Wednesday, October 22, 2008

Museum Melee

Serendipity delivered a little trip down-south last week, and I was able to see a handful of great museums. Just a few photographs with highlights below. (Click to enlarge images)




Foundation Beyeler_Renzo Piano
There is a sort-of family of art museums that Piano has realized (all using repetitive roof elements, and a series of diffusing layers in order to deliver a blanket of even, diffuse light into the galleries) of which the Beyeler is a good example. Other family members include the High Museum, de Menil, and Nasher.
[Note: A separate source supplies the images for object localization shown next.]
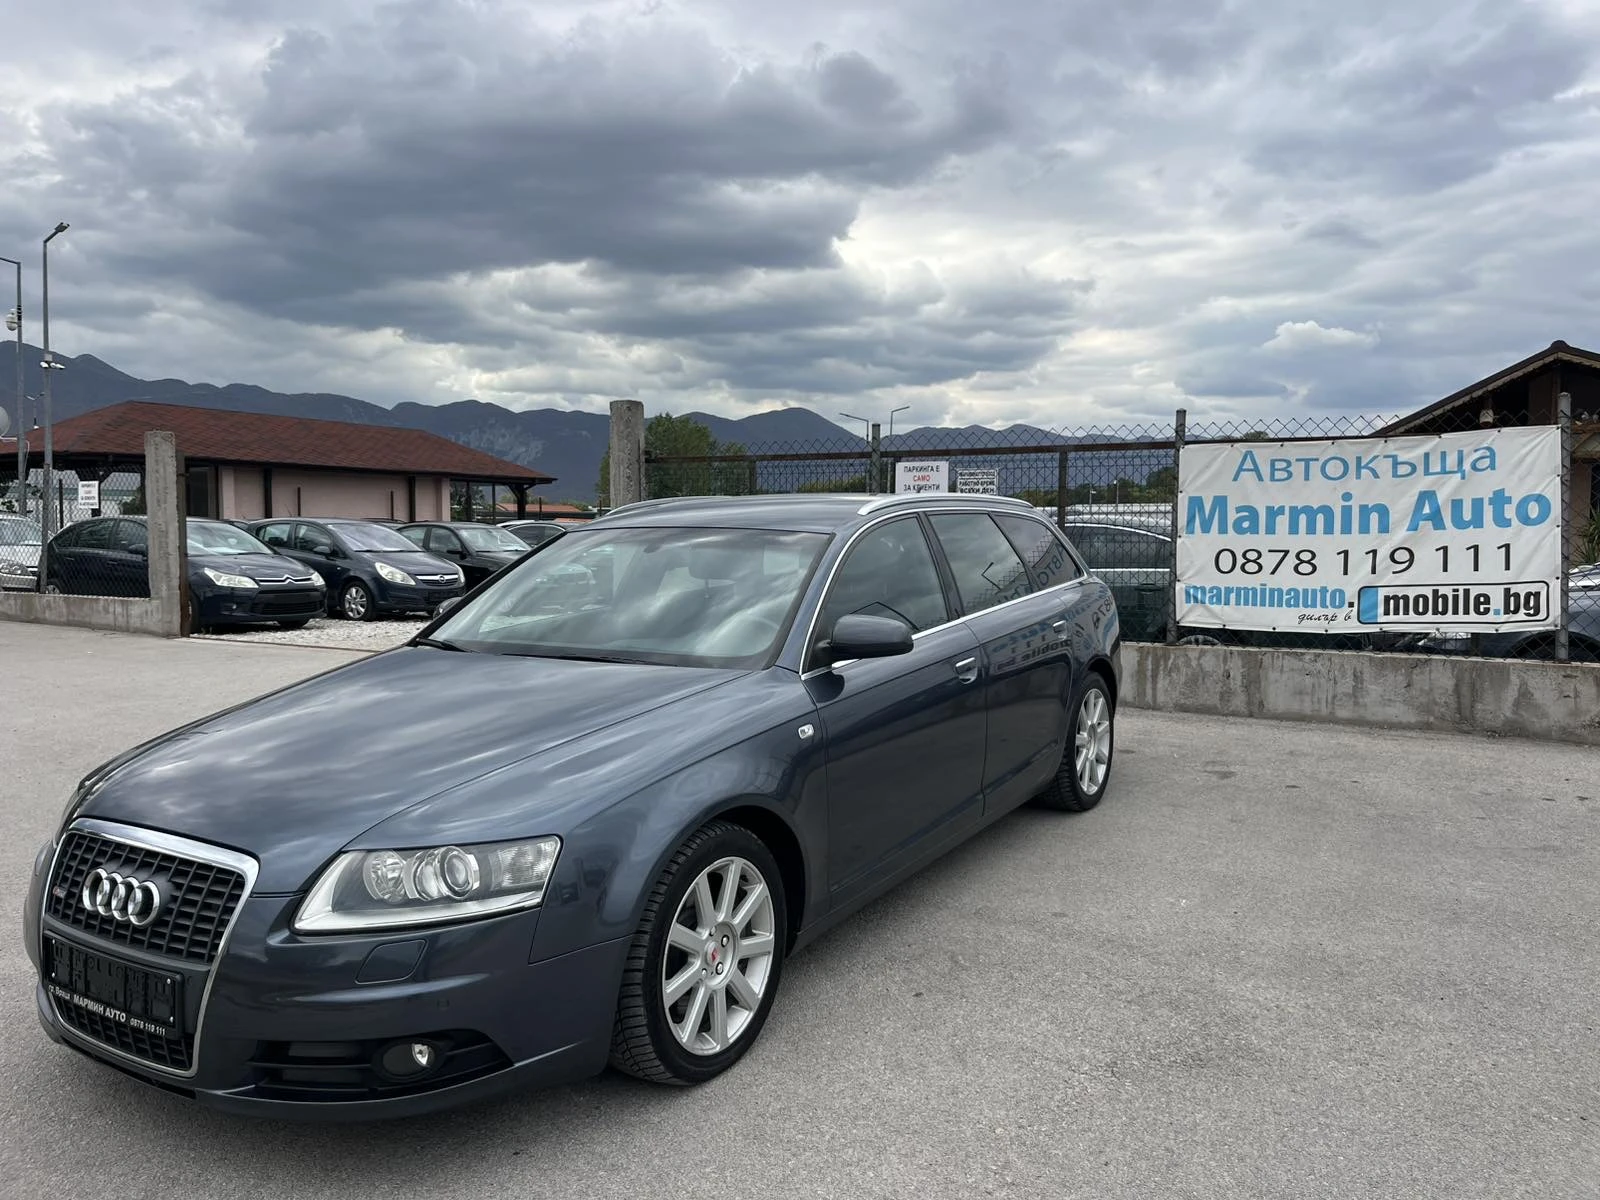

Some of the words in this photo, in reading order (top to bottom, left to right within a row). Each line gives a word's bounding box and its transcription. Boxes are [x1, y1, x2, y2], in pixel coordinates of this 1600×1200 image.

[1232, 446, 1497, 483] Автокъща
[1185, 492, 1390, 535] Marmin
[1406, 488, 1552, 532] Auto
[1214, 548, 1317, 576] 0878
[1336, 546, 1415, 576] 119
[1435, 542, 1511, 572] 111
[1383, 587, 1541, 617] mobile.bg
[73, 994, 104, 1015] МАРМИН
[105, 1008, 126, 1022] АУТО
Kunsthaus Bregenz_Peter Zumthor
I was lucky enough to see a show with the kind of art that really shines in this powerful building by Zumthor... sculpture and installation work. John Fabre took over the entire building beginning with the bathrooms on the basement floor in a surrealist work that culminates with a figure excavating a human brain(mind) on the top floor of the museum. Zumthor brings daylight into the exhibition spaces via an extra half-floor of space above the ceiling plane that allows light in on all four sides of the room and then down through the milky glass ceiling. Brilliant!
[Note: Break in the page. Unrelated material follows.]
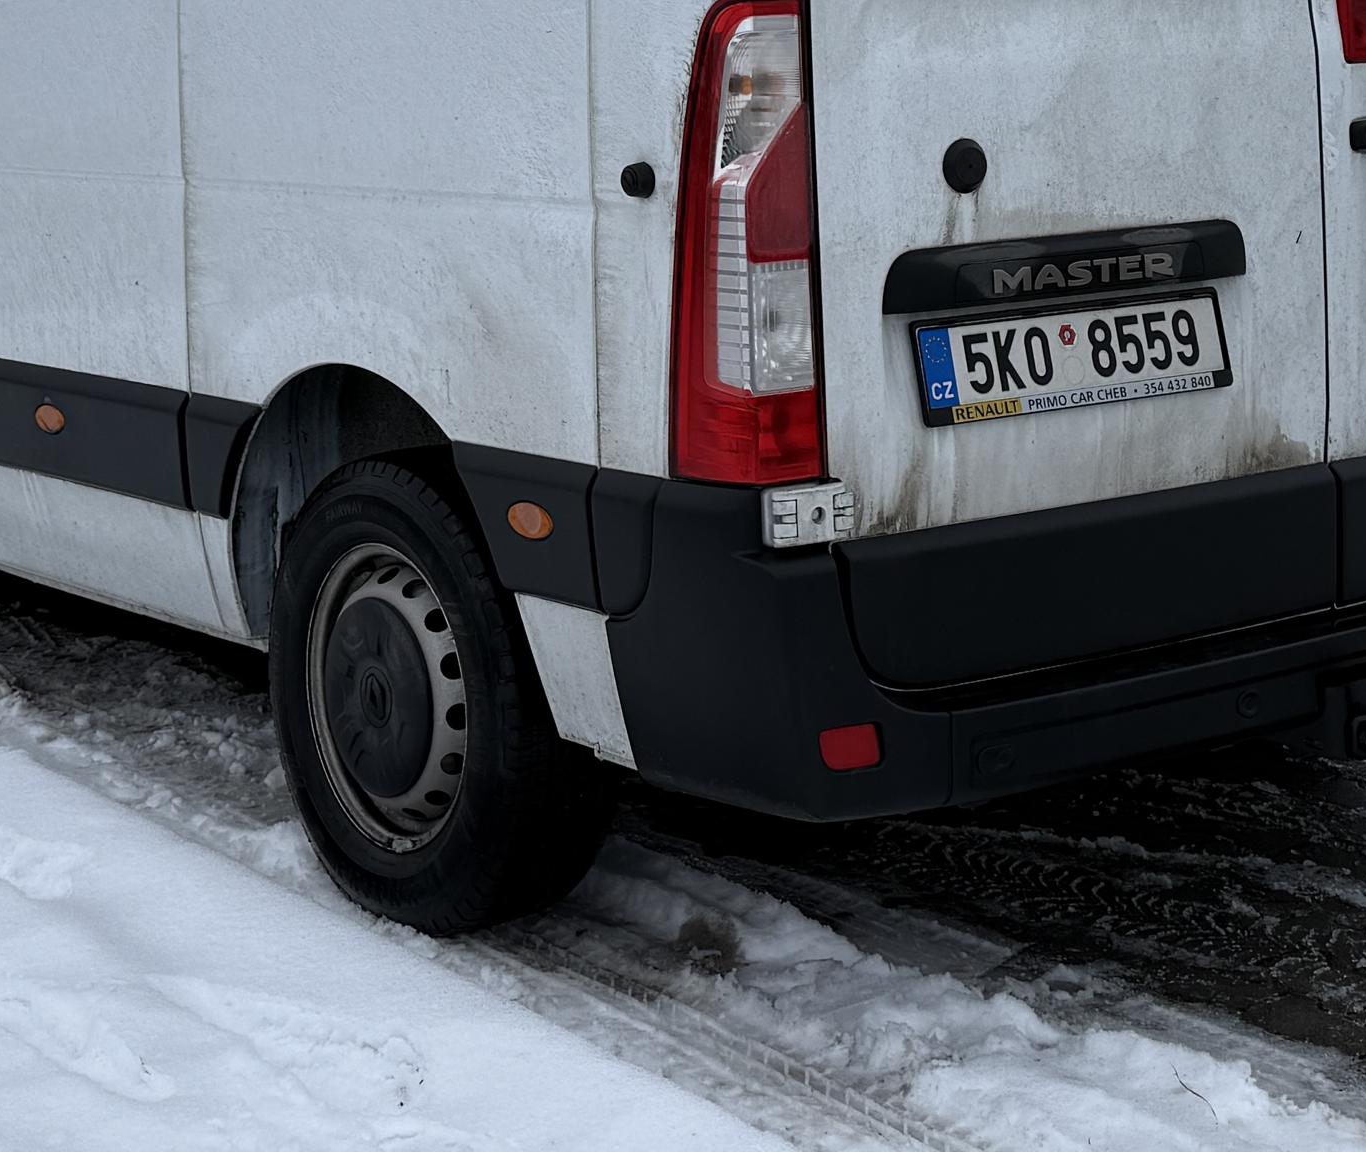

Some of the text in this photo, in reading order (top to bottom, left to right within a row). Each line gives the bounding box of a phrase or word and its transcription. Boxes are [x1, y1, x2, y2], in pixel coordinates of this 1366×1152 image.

[992, 252, 1175, 295] MASTER
[961, 309, 1201, 395] 5K0 8559
[931, 380, 955, 402] CZ
[955, 375, 1212, 423] RENAULT PRIMO CAR CHEB 354 432 840
Kunstmuseum Stuttgart_Hascher and Jehle
This fairly new museum sits right on the busiest pedestrian street in the city center. A modestly sized glass cube sits atop a huge underground complex of galleries that occupy space leftover from abandoned roadway tunnels. Now that's a good idea. Replace cars with art! Link to H&J site here.




Kolumba_Peter Zumthor
Built into and over the ruins of at least two churches and one working chapel with off-white Danish bricks, the Kolumba Museum also houses the Archdiocese of Cologne's amazing art collection. This project has enough palimpsest to sink a cruise ship designed by Frank Gehry. Or something like that. My point-and-shoot had a hard time with the contrasting light/dark levels in the gallery spaces, so you might want to try a flickr search for better shots of the interior. Really amazing project... ask me about it sometime.





Museum Insel Hombroich_Erwin Heerwich
A series of pavilions in the landscape. No air conditioning or heat. No gaurds. No art work labels on the walls. No electrical lights. A substanitial art collection with many of the heavy hitters collected by other museums. Doors left open to the landscape. Leaves blown in from wind, left scattered on the floor. Even a few cobwebs here and there. A powerful un-museum. A kind of freedom.
(Use arrows to click through pictures on the Hombroich website here.)

2 comments:

Delane said...

This is such a strange museum. So surreal. I clicked on the link to the museum and I am seeing all kinds of small buildings, interesting surroundings, landscapes with sculptures etc. + the art collection. Are all of these photo's actually part of the total museum setting? mom

Nate Will said...

Yep, The Insel Hombroich museum consists of multiple pavilions, paths and sculptures in the landscape. Quite a few acres actually. Really really nice.